Standardizing the format of a germline set

w.lees · September 23, 2016, 1:54pm

Thanks to @laserson @werner.muller @caschramm and @ematsen for the points raised this week.

Following discussion on the backend design thread, it looks as though there will only be a need for a small number of naming schemes and numbering schemes within each species. For example, for naming, we may wish to have an ‘AIRR name’ and a ‘Legacy name’ against each germline, but probably no other names will crop up. For numbering, similarly, we may wish to list an IMGT numbering scheme, Kabat and Chothia, but again, probably no others, or at most a very small number.

That being the case, the structure I proposed, with independent numbering and naming sections that can be authored by different teams and split out at will, is looking a bit over-complicated for the task. Over the weekend I propose to de-normalise it, moving instead to a single table with fields for alternate names and numbering. At the same time I will add the additional fields that @werner.muller has proposed, and the naming convention that @laserson has proposed. I will do another comb-through for additional fields at the same time. If anyone has concerns about this approach please let me know and we can hold off and discuss, but it seems to reflect the way we are all thinking.

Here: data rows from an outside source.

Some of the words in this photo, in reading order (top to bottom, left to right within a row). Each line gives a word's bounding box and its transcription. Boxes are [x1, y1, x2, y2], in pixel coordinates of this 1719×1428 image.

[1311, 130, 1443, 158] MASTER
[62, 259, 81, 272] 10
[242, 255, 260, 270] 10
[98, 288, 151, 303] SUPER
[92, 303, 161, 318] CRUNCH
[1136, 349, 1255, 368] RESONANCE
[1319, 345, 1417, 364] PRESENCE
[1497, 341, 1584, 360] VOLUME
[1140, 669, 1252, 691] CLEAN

We also seem to be moving towards consensus in JSON as a file format, by the way. It looks as though implementation has already started on that basis (this is fine by me, by the way, it’s always struck me as a good choice, even though I’ve really been focussed on the logical level). If anyone has issues with JSON as a file format for the ‘full’ germline set, please post something here so that we can resolve - otherwise I think it becomes our choice.

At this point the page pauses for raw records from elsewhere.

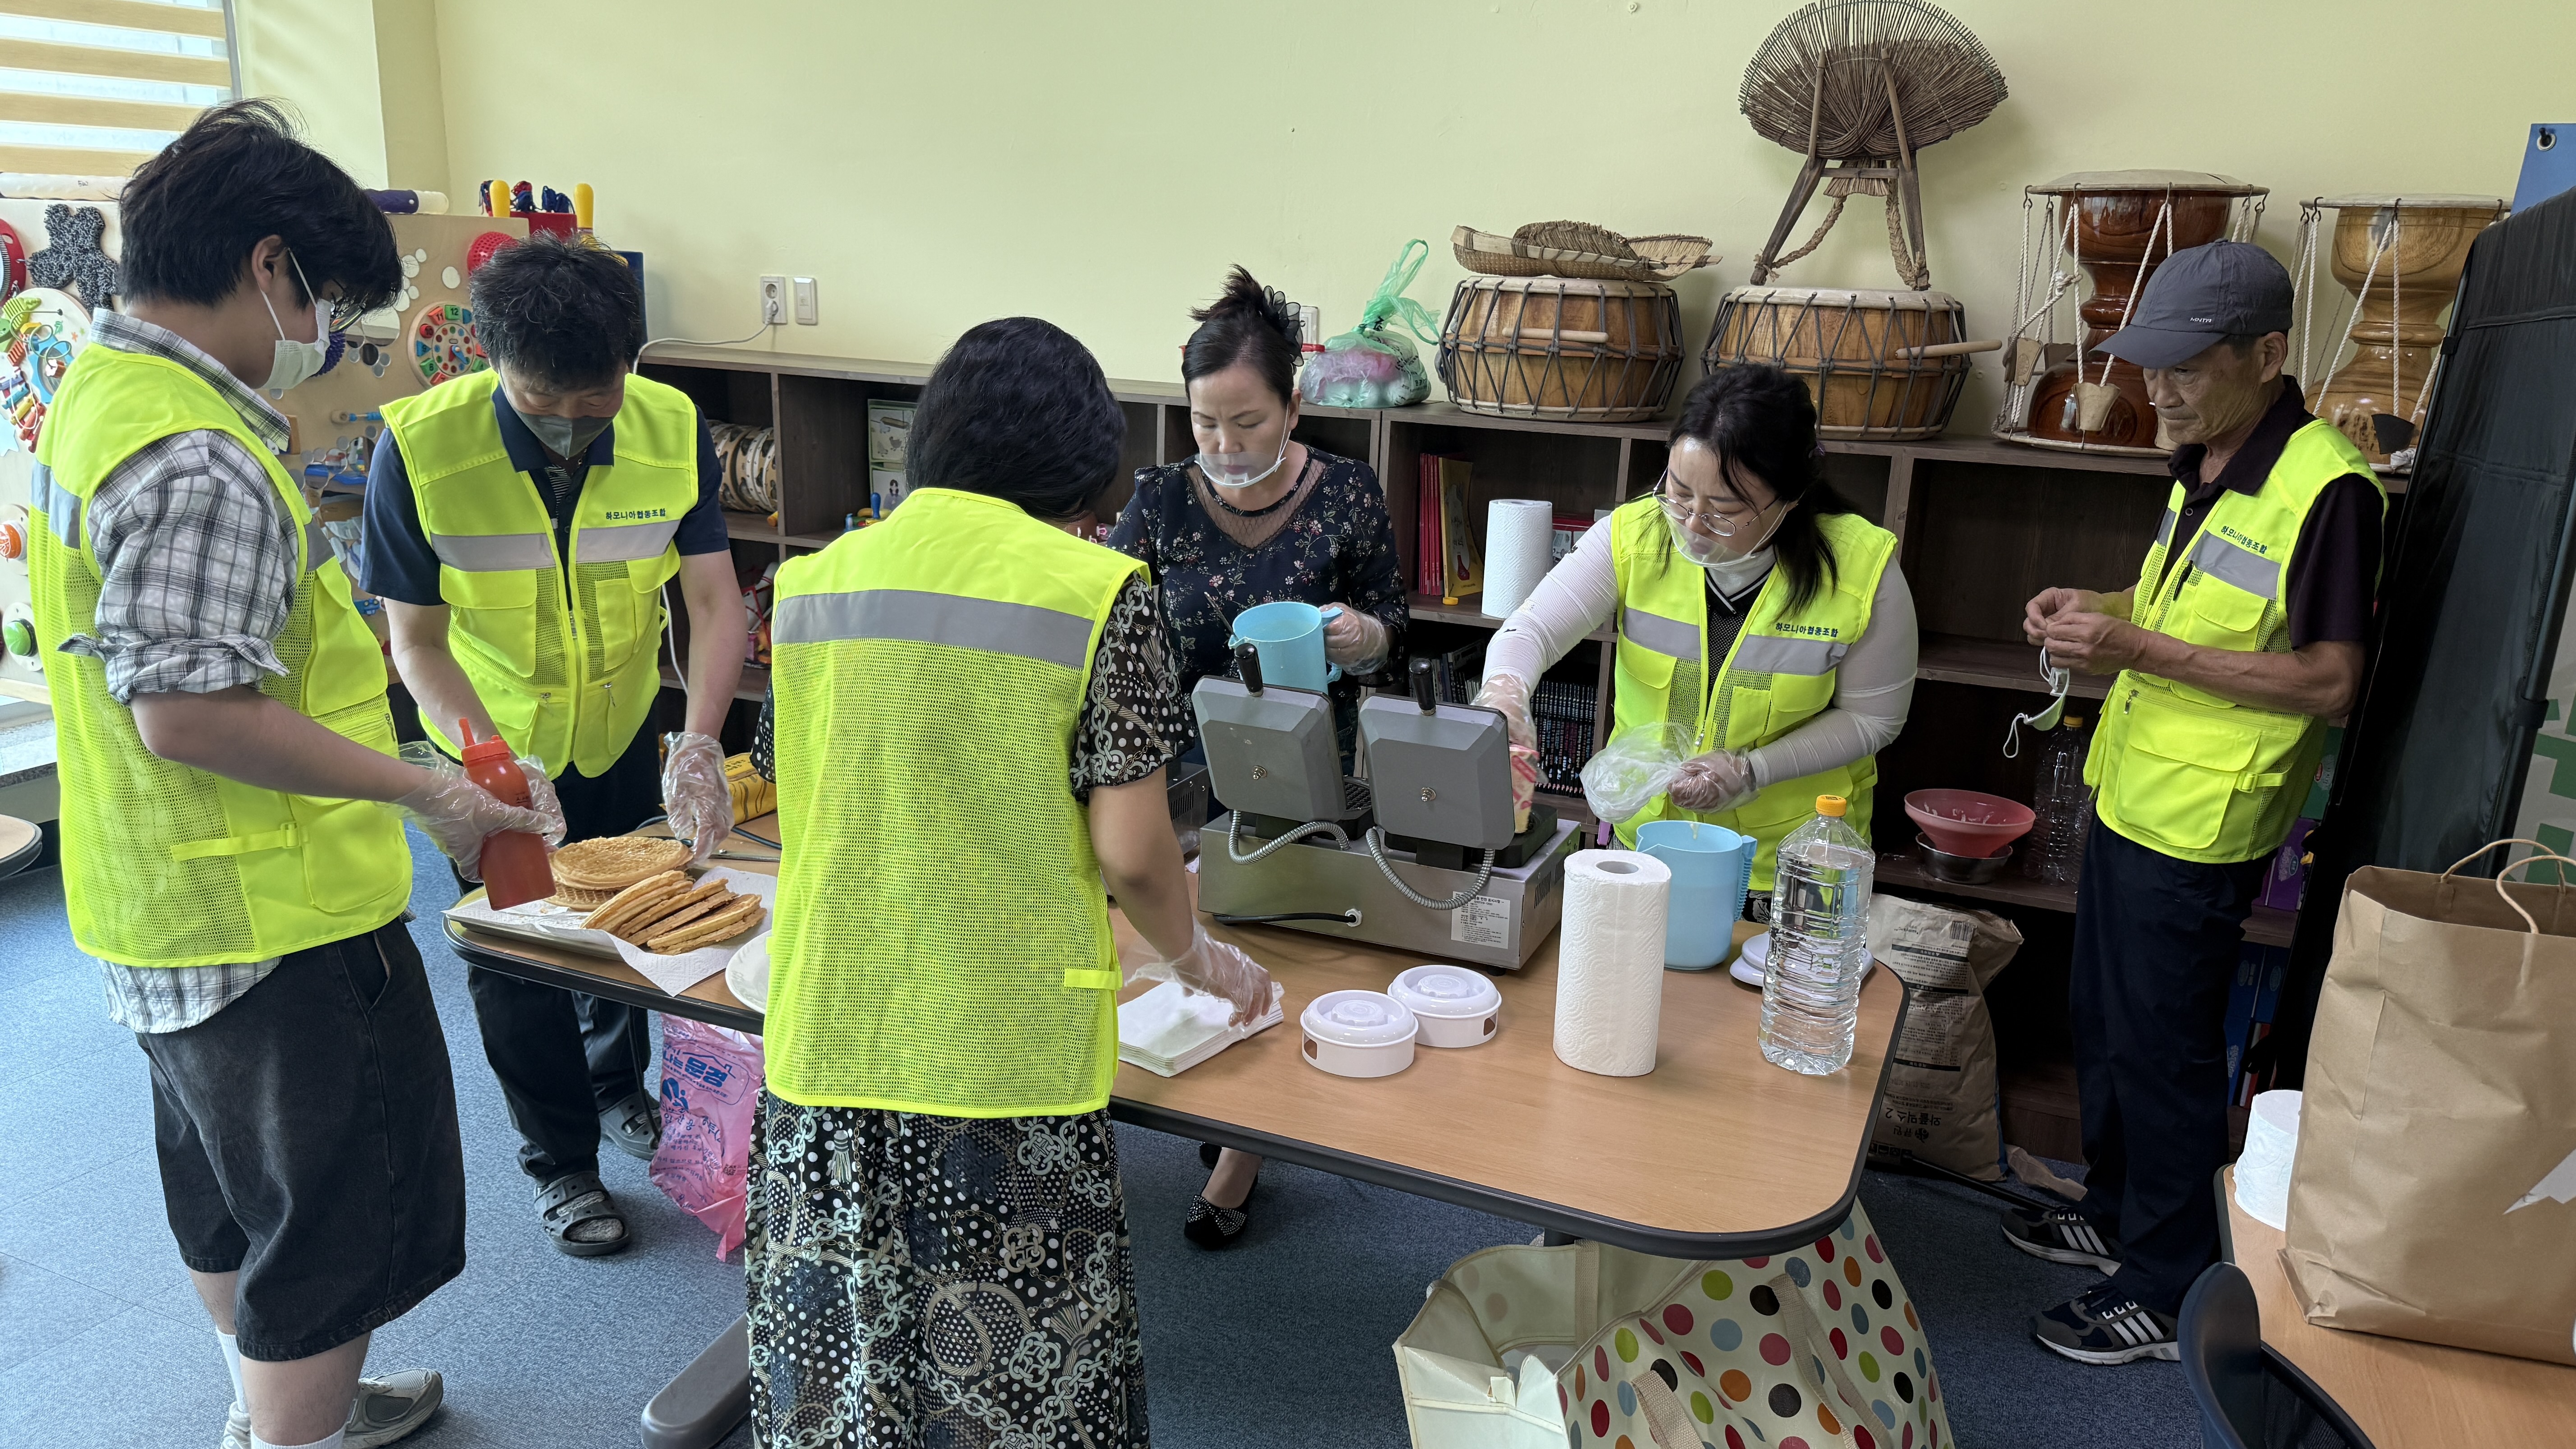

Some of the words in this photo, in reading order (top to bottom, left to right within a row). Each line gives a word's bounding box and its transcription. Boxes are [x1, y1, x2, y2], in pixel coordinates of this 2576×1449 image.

[436, 313, 443, 321] 11
[606, 508, 666, 520] 하모니아협동조합
[2221, 526, 2267, 554] 하모니아협동조합
[1776, 623, 1838, 637] 하모니아협동조합
[1886, 1108, 1894, 1119] 2
[1897, 1111, 1941, 1126] 와플믹스
[1893, 1126, 1913, 1138] 큐원

There is also a desire for a simple cut down germline set for parsers as @caschramm highlighted. It feels to me as though the priority right now is to get the full schema defined. It should be easy enough to pick out the fields for the cut-down version, and to provide it in a number of formats if that proves necessary. Again if anyone has concerns about putting the priority on the full schema right now, please post here and we can discuss, otherwise I suggest we come back to the cut down version and its format(s) once the full schema is ok with everyone.

Thanks

William